A strange peculiarity about the Egyptian regime is its insistence on attempting to retain a veneer of legitimacy -- even after 30 years of flagrantly falsified elections, torture, corruption and, most recently, an ill-advised Internet blackout that succeeded in making Egypt a trending topic on Twitter.

It's a habit they clearly find difficult to shake off. We woke up Wednesday to the news that thousands of "pro-Mubarak supporters" had gathered in the Mostafa Mahmoud Square, Cairo (incidentally the scene of the 2005 massacre of over 30 protesting Sudanese refugees by security bodies). I arrived at Tahrir Square around 3 p.m. The atmosphere in the area around the central grassy area was peaceful and positive, as it had been on Tuesday when tens of thousands congregated.
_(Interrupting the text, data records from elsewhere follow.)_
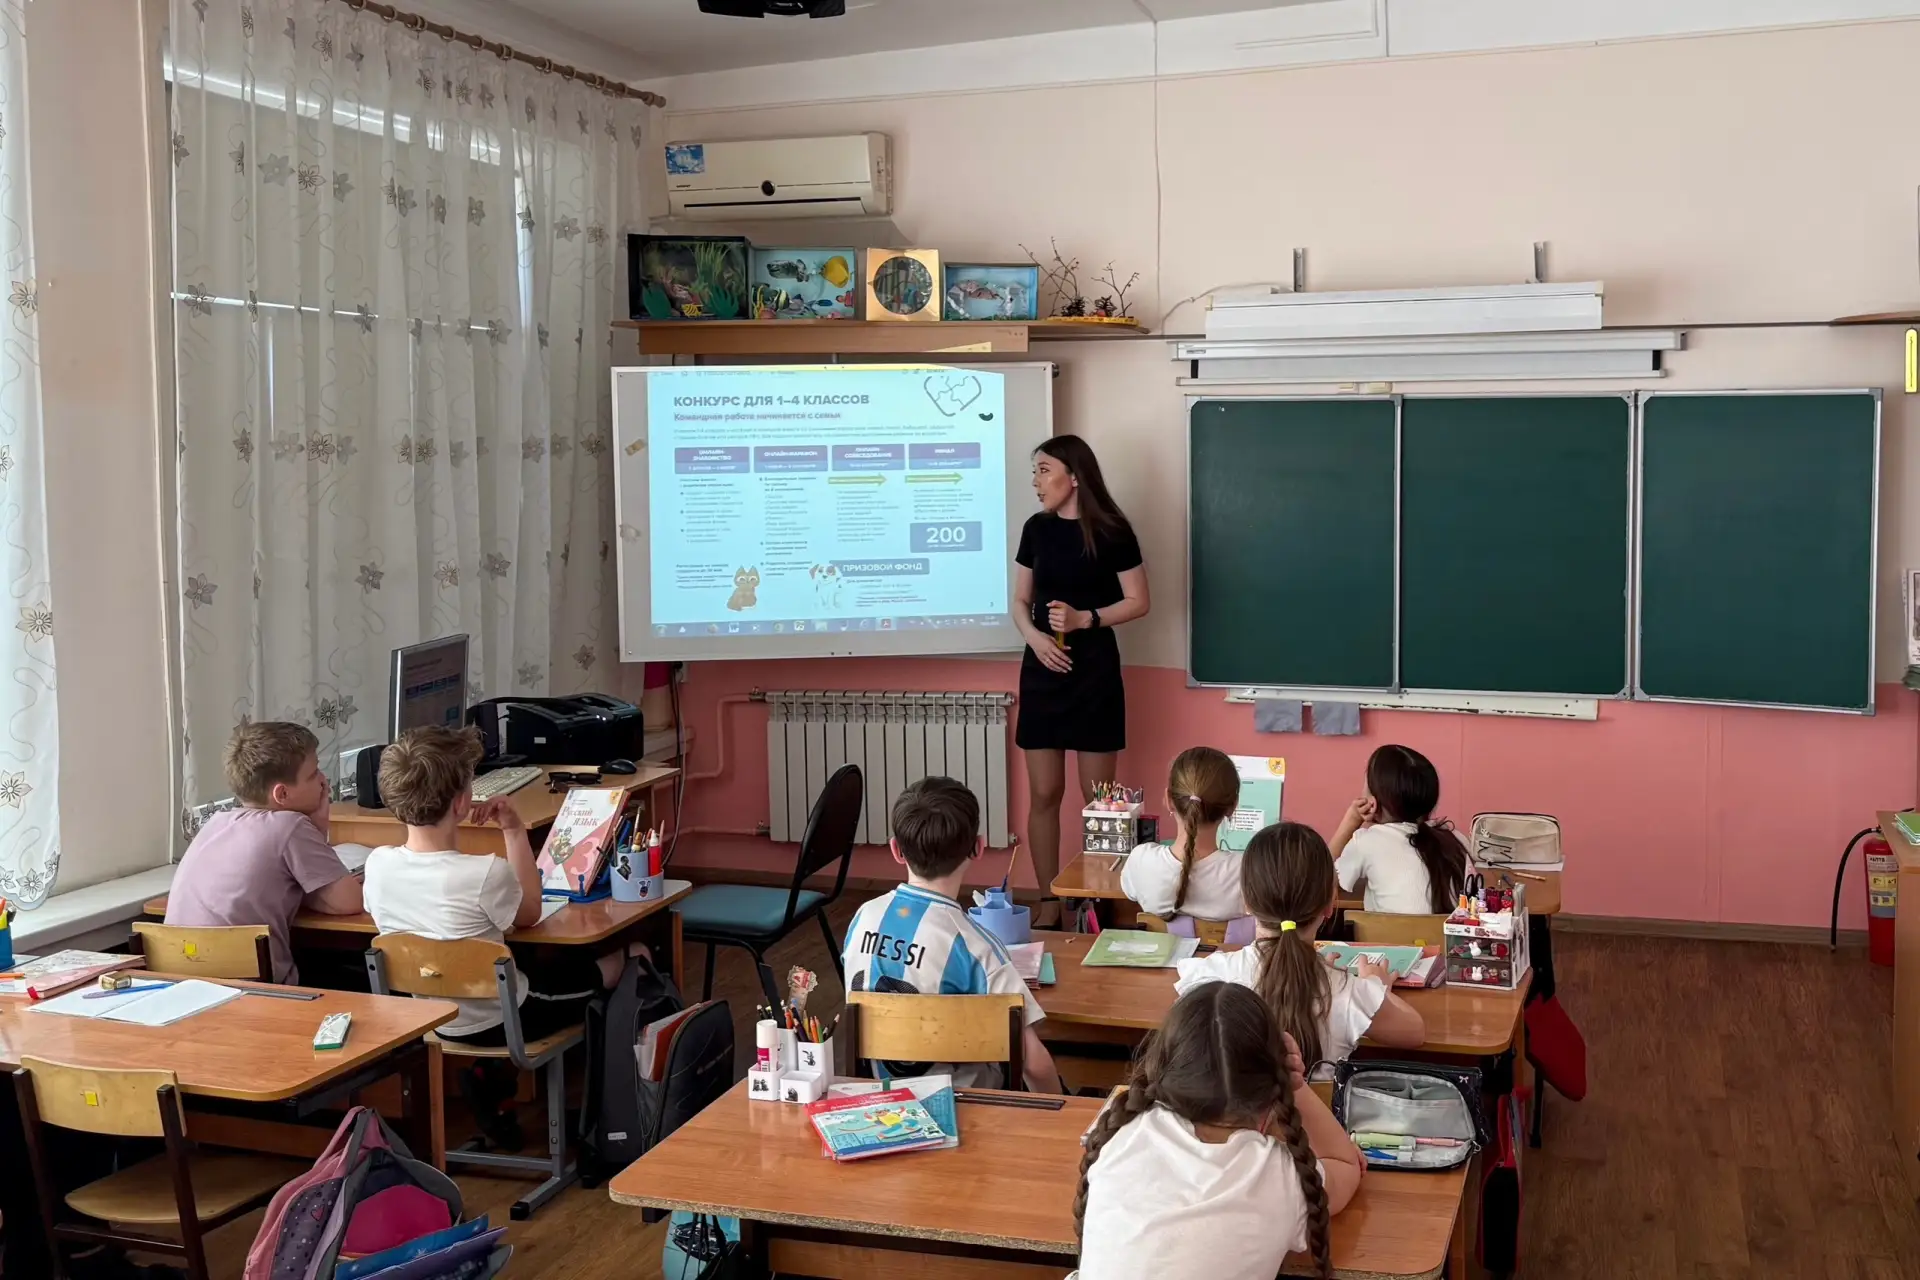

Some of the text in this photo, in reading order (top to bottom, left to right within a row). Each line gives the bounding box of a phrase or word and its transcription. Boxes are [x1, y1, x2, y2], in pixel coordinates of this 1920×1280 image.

[673, 396, 741, 407] КОНКУРС
[743, 395, 773, 408] ДЛЯ
[803, 394, 870, 405] КЛАССОВ
[673, 413, 723, 423] Командная
[724, 412, 755, 423] работа
[756, 412, 806, 421] начинается
[926, 525, 967, 544] 200
[894, 562, 923, 571] ФОНД
[570, 836, 601, 876] 3
[860, 930, 926, 969] MESSI
Down the road however in Abdel Munim Riad Square Square, next to the Cairo Museum, just beyond a couple of tanks stood a dense crowd of people, clearly separated from the Tahrir protestors. I stood on top of a building and watched as suddenly the pro-Mubarak protestors burst through the tanks and towards Tahrir Square. There was something incredibly unsettling about this assault, conducted as it was on camels, and on the short-tailed skinny horses tourists ride around the pyramids. The brutality of it all, as the terrified animals mowed down protestors and their riders hit out with their whips at anyone who crossed their path and people were crushed underfoot.
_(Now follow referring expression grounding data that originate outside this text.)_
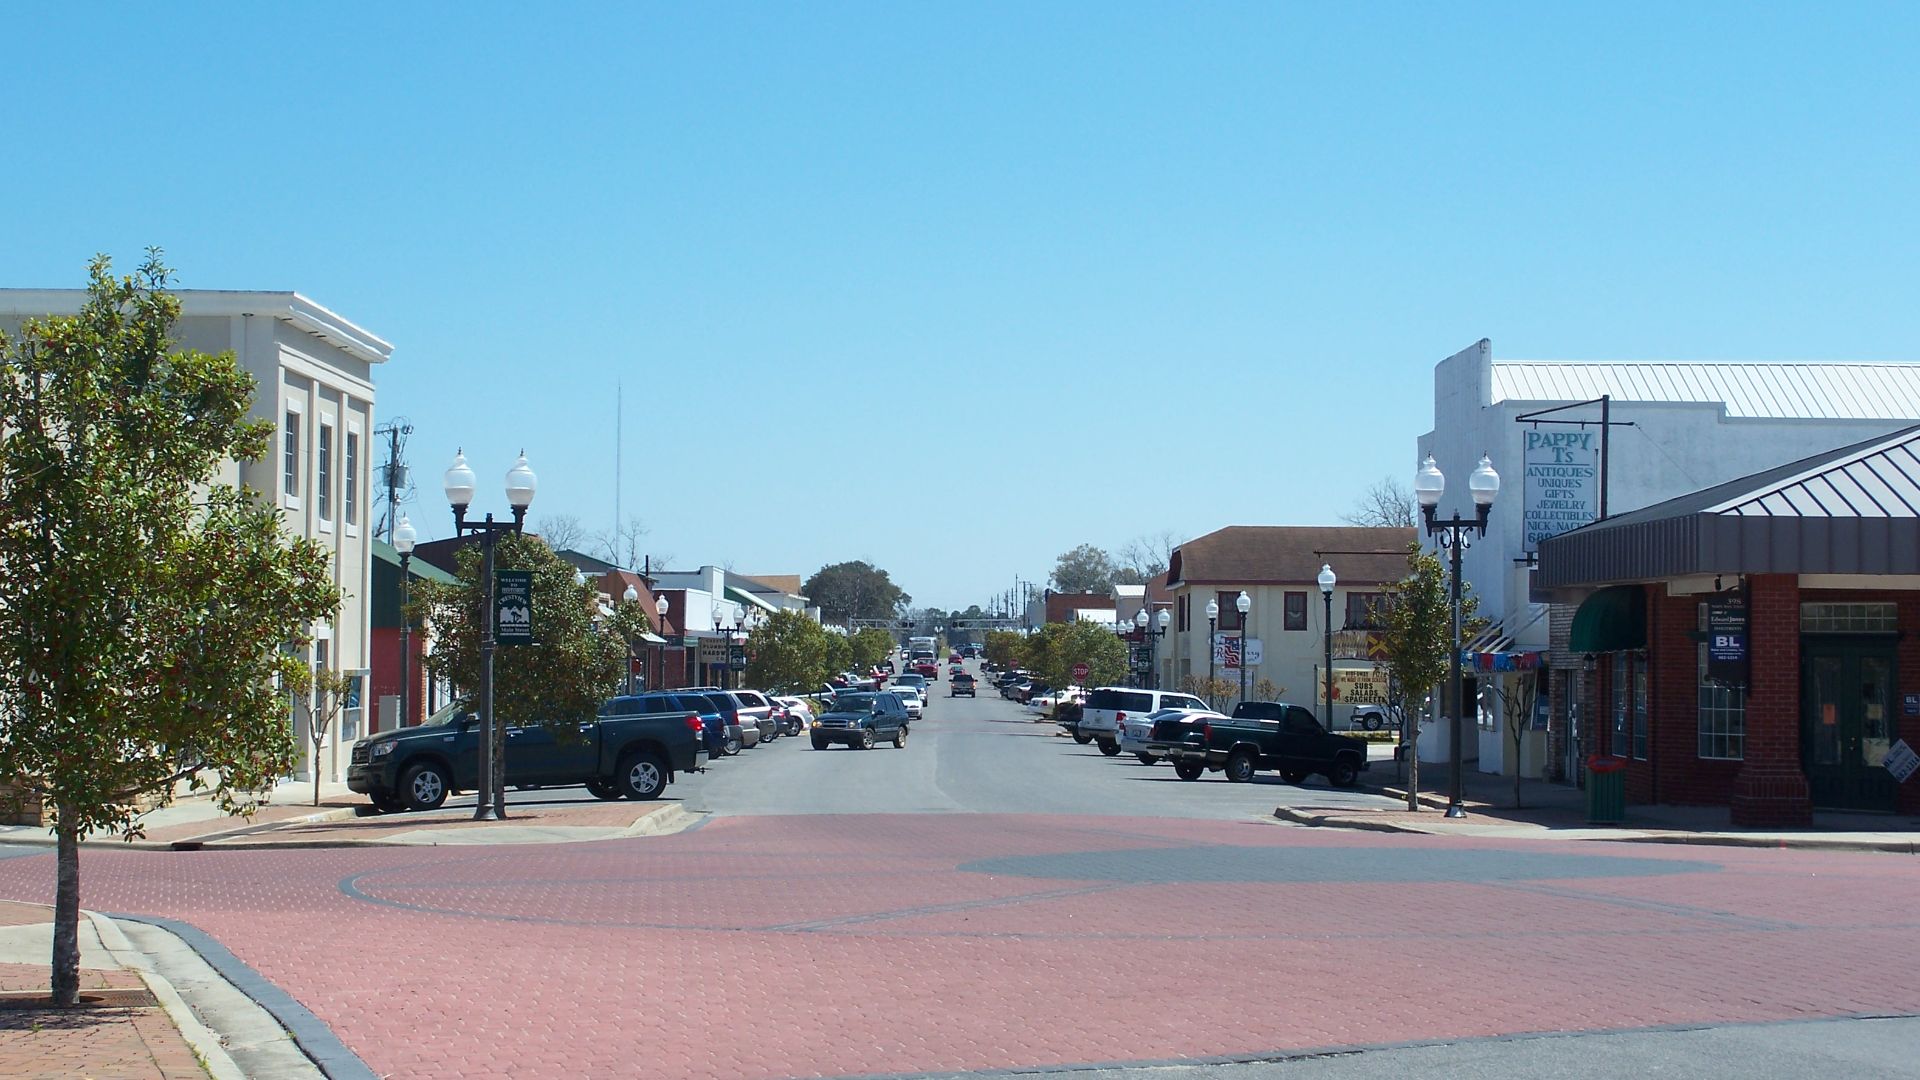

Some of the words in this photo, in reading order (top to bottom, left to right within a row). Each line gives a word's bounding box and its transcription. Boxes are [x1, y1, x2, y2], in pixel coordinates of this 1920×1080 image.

[1527, 432, 1592, 451] PAPPY
[1527, 467, 1594, 478] ANTIQUES
[1537, 478, 1582, 488] UNIQUES
[1545, 489, 1575, 498] GIFTS
[1536, 500, 1585, 510] JEWELRY
[1525, 510, 1594, 520] COLLECTIBLES
[498, 594, 527, 605] CRESTVIEW
[1716, 636, 1740, 647] BL
The use of hired thugs is classic Mubarak. The regime's relationship with its people has always depended on intimidation and violence, which proved problematic with the wave of demonstrations and labor protests that have been a growing phenomenon since 2003 -- acts of public police rage tend to put the tourists off. In the 2005 elections, it's widely believed that young men were paid to sexually assault female protestors. Last year during the trial of two policemen accused of involvement in the death of Khaled Said a rowdy group of teenagers stood outside the courtroom and accused anti-torture protestors of being Israeli spies, before launching missiles at them. During the elections boys in matching t-shirts danced in front of polling stations while burly colleagues intimated voters on behalf of National Democratic Party candidates.
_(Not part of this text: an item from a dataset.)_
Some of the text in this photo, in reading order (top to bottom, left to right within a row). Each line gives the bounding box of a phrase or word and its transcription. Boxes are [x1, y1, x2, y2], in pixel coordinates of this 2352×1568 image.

The idea is that these groups of men -- who receive a modest daily stipend for their services -- can execute regime orders without their actions being directly attributable to them. In the current scenario we are meant to believe that after four days of absolute silence peaceful pro-Mubarak protestors so irrevocably moved by the president's speech and his promise not to stand for another term decided to organize mass counter protests. And attend these protests on camels and horses. And launch rocks and Molotov cocktails at camping Tahrir protestors whose only act of physical aggression has been against litter in the camp.

Purely coincidentally, the Internet was turned back on in Egypt on the day these millions of Mubarak "loyalists" decided to take to the streets, so the whole world can see the love and respect he commands.

They are a sad, troubled knot of poverty, miseducation and anger, these hired fists, some of them reportedly recruited today for LE 50 (according to activists speaking to thugs detained by anti-government protestors).

More than anything they are a reminder why, no matter what the cost to protestors and to Egyptians struggling to accept the interruption to daily life, the Tahrir occupation must continue. An NDP promise cannot be trusted, and if every last bit of the NDP is not removed Egypt will never heal.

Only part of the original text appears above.